[Annotated photo localization data]

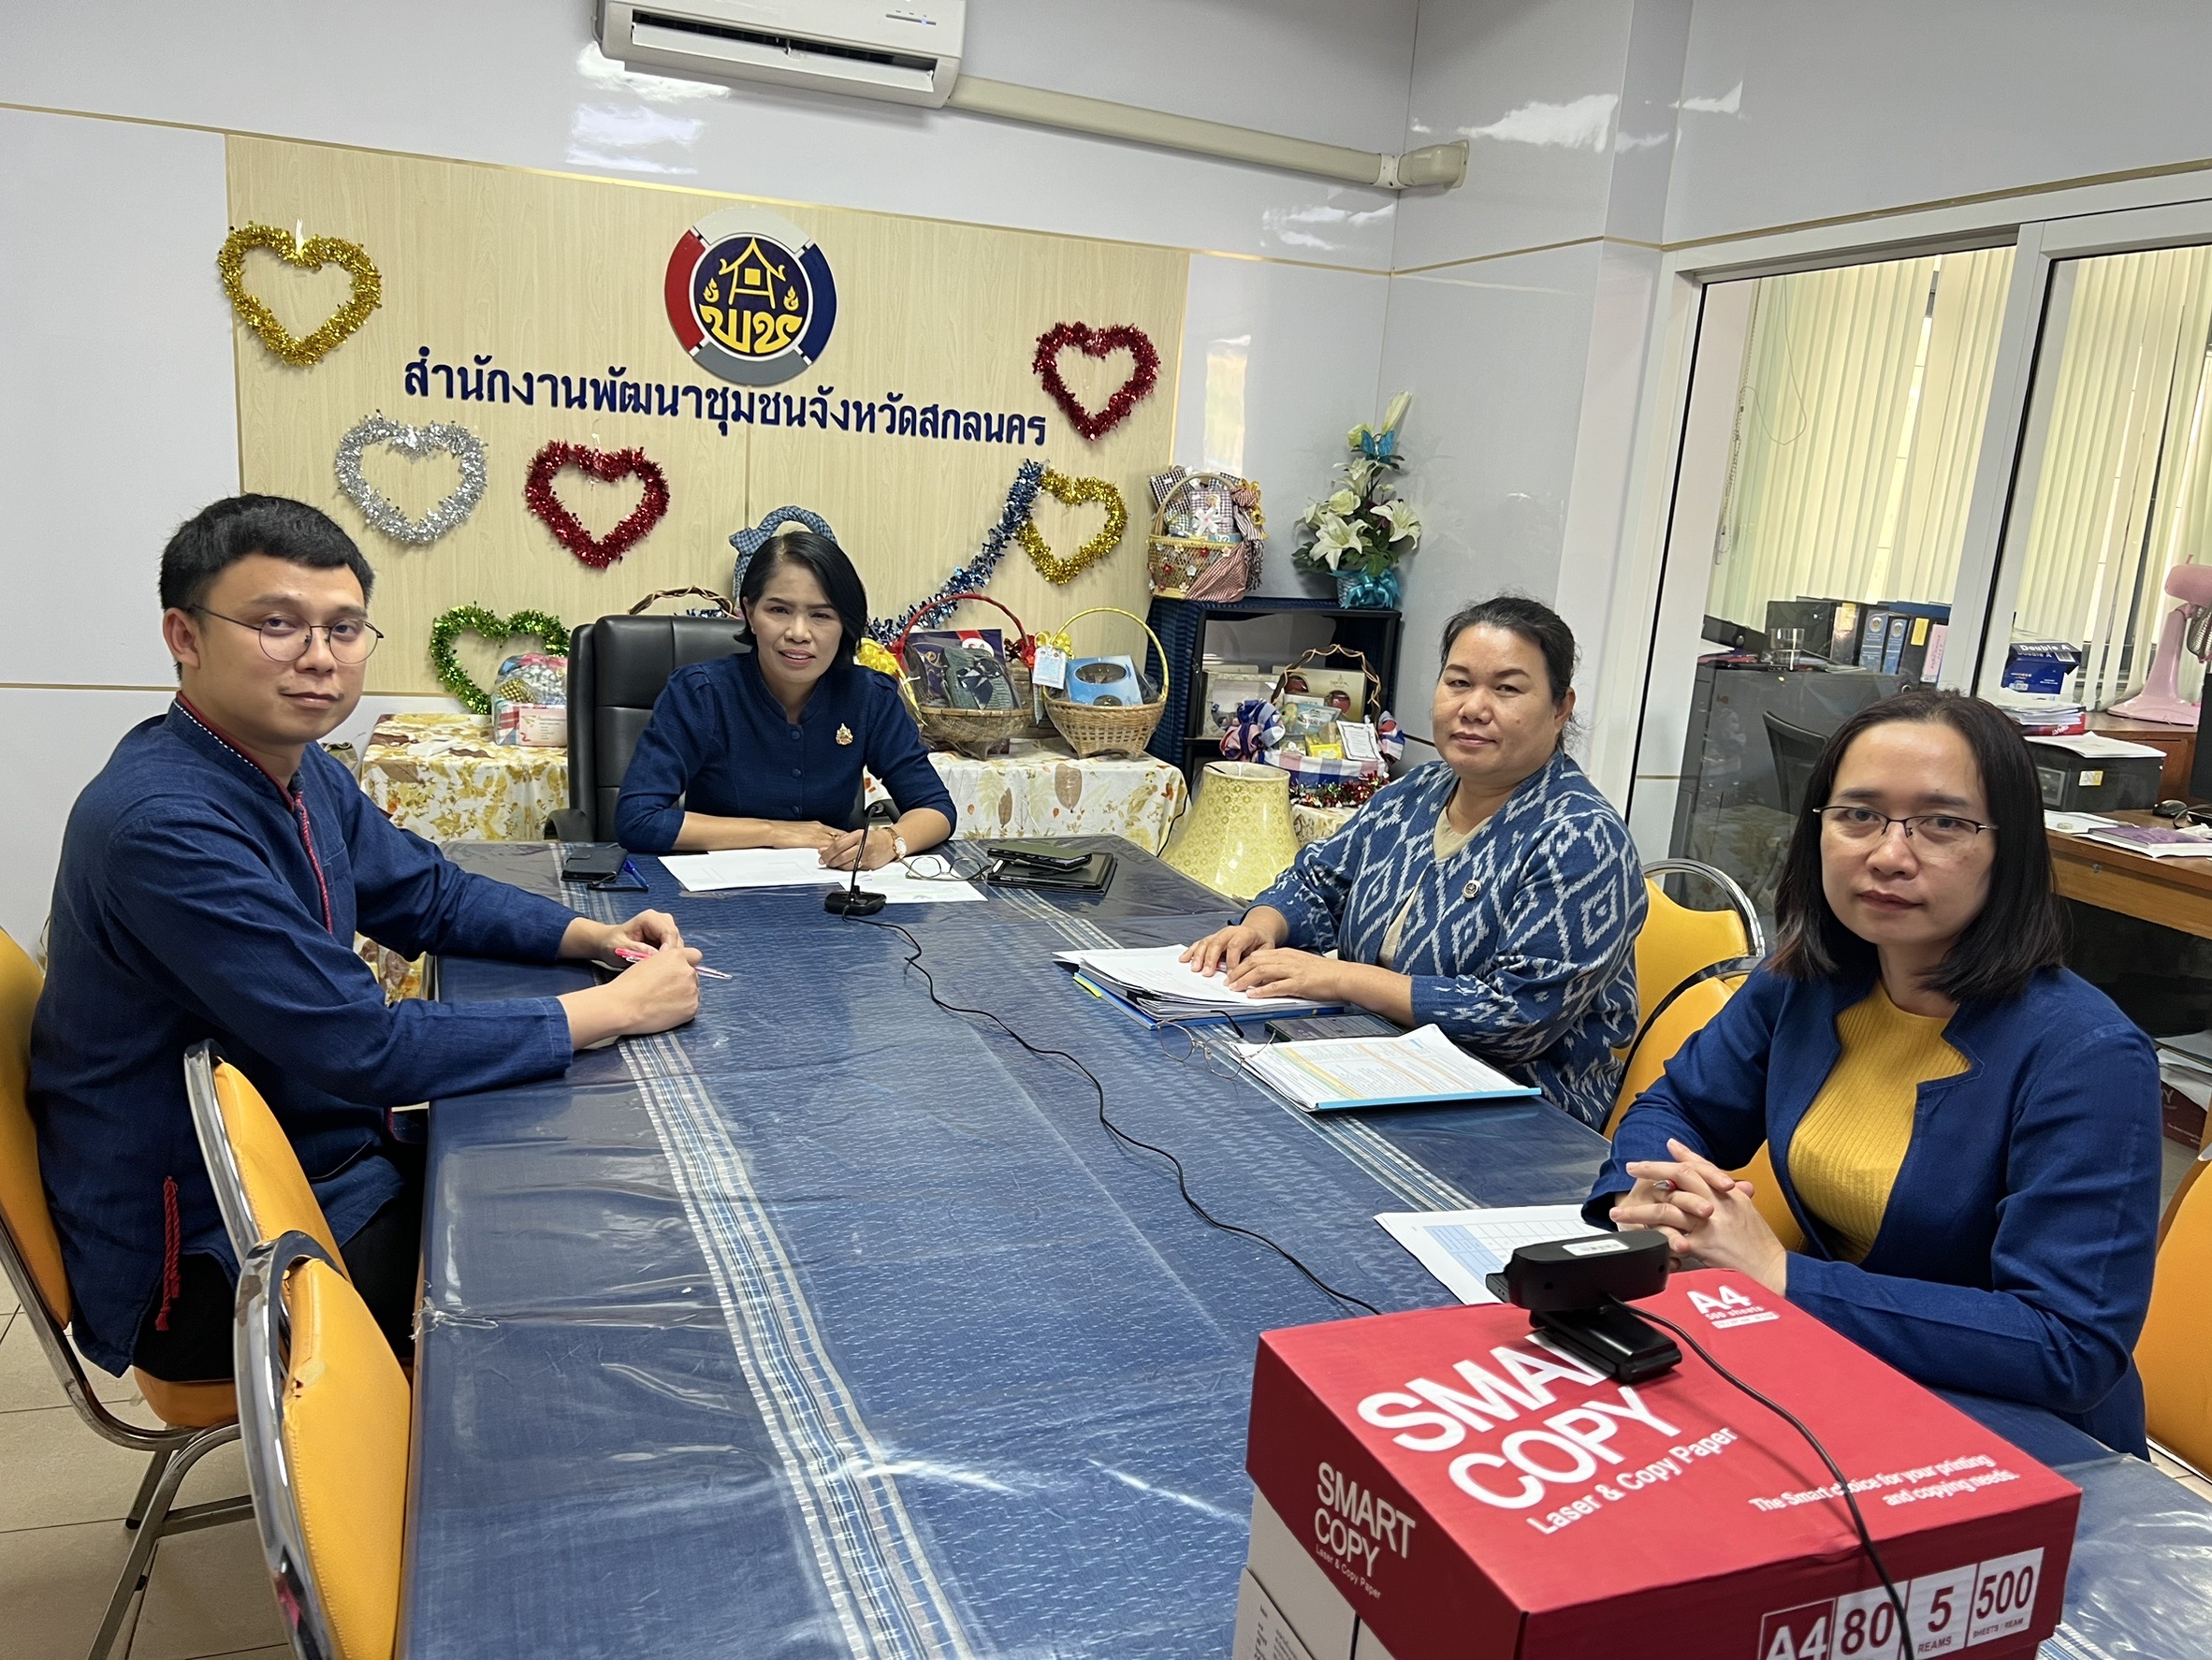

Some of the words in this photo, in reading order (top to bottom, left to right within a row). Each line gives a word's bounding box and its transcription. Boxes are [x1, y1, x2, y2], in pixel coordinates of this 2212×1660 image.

[403, 346, 1047, 447] สำนักงานพัฒนาชุมชนจังหวัดสกลนคร
[1687, 1285, 1752, 1315] A4
[1704, 1310, 1727, 1320] 500
[1726, 1305, 1765, 1318] sheets
[1358, 1333, 1612, 1452] SMA
[1448, 1385, 1682, 1509] COPY
[1526, 1494, 1604, 1535] Laser
[1594, 1483, 1626, 1502] &
[1616, 1457, 1683, 1490] Copy
[1668, 1427, 1739, 1464] Paper
[1748, 1497, 1787, 1512] The
[1781, 1486, 1834, 1507] Smart
[1829, 1478, 1883, 1496] coice
[1876, 1472, 1904, 1486] for
[1897, 1464, 1938, 1484] your
[1935, 1454, 1997, 1477] printing
[1882, 1491, 1916, 1507] and
[1913, 1479, 1976, 1499] copying
[1317, 1462, 1416, 1560] SMART
[1315, 1507, 1380, 1578] COPY
[1316, 1544, 1334, 1565] Laser
[1334, 1558, 1340, 1569] &
[1341, 1564, 1360, 1586] Copy
[1360, 1577, 1382, 1600] Paper
[1975, 1565, 2034, 1620] 500
[1840, 1601, 1895, 1656] 80
[1928, 1586, 1955, 1633] 5
[1972, 1624, 2000, 1638] SHEETS
[2004, 1617, 2024, 1629] REAM
[1767, 1616, 1828, 1660] A4
[1917, 1636, 1952, 1654] REAMS

Assignment: Return the data above in its exact wording, with none of the pictures.

Answer box:
Some of the words in this photo, in reading order (top to bottom, left to right within a row). Each line gives a word's bounding box and its transcription. Boxes are [x1, y1, x2, y2], in pixel coordinates of this 2212×1660 image.

[403, 346, 1047, 447] สำนักงานพัฒนาชุมชนจังหวัดสกลนคร
[1687, 1285, 1752, 1315] A4
[1704, 1310, 1727, 1320] 500
[1726, 1305, 1765, 1318] sheets
[1358, 1333, 1612, 1452] SMA
[1448, 1385, 1682, 1509] COPY
[1526, 1494, 1604, 1535] Laser
[1594, 1483, 1626, 1502] &
[1616, 1457, 1683, 1490] Copy
[1668, 1427, 1739, 1464] Paper
[1748, 1497, 1787, 1512] The
[1781, 1486, 1834, 1507] Smart
[1829, 1478, 1883, 1496] coice
[1876, 1472, 1904, 1486] for
[1897, 1464, 1938, 1484] your
[1935, 1454, 1997, 1477] printing
[1882, 1491, 1916, 1507] and
[1913, 1479, 1976, 1499] copying
[1317, 1462, 1416, 1560] SMART
[1315, 1507, 1380, 1578] COPY
[1316, 1544, 1334, 1565] Laser
[1334, 1558, 1340, 1569] &
[1341, 1564, 1360, 1586] Copy
[1360, 1577, 1382, 1600] Paper
[1975, 1565, 2034, 1620] 500
[1840, 1601, 1895, 1656] 80
[1928, 1586, 1955, 1633] 5
[1972, 1624, 2000, 1638] SHEETS
[2004, 1617, 2024, 1629] REAM
[1767, 1616, 1828, 1660] A4
[1917, 1636, 1952, 1654] REAMS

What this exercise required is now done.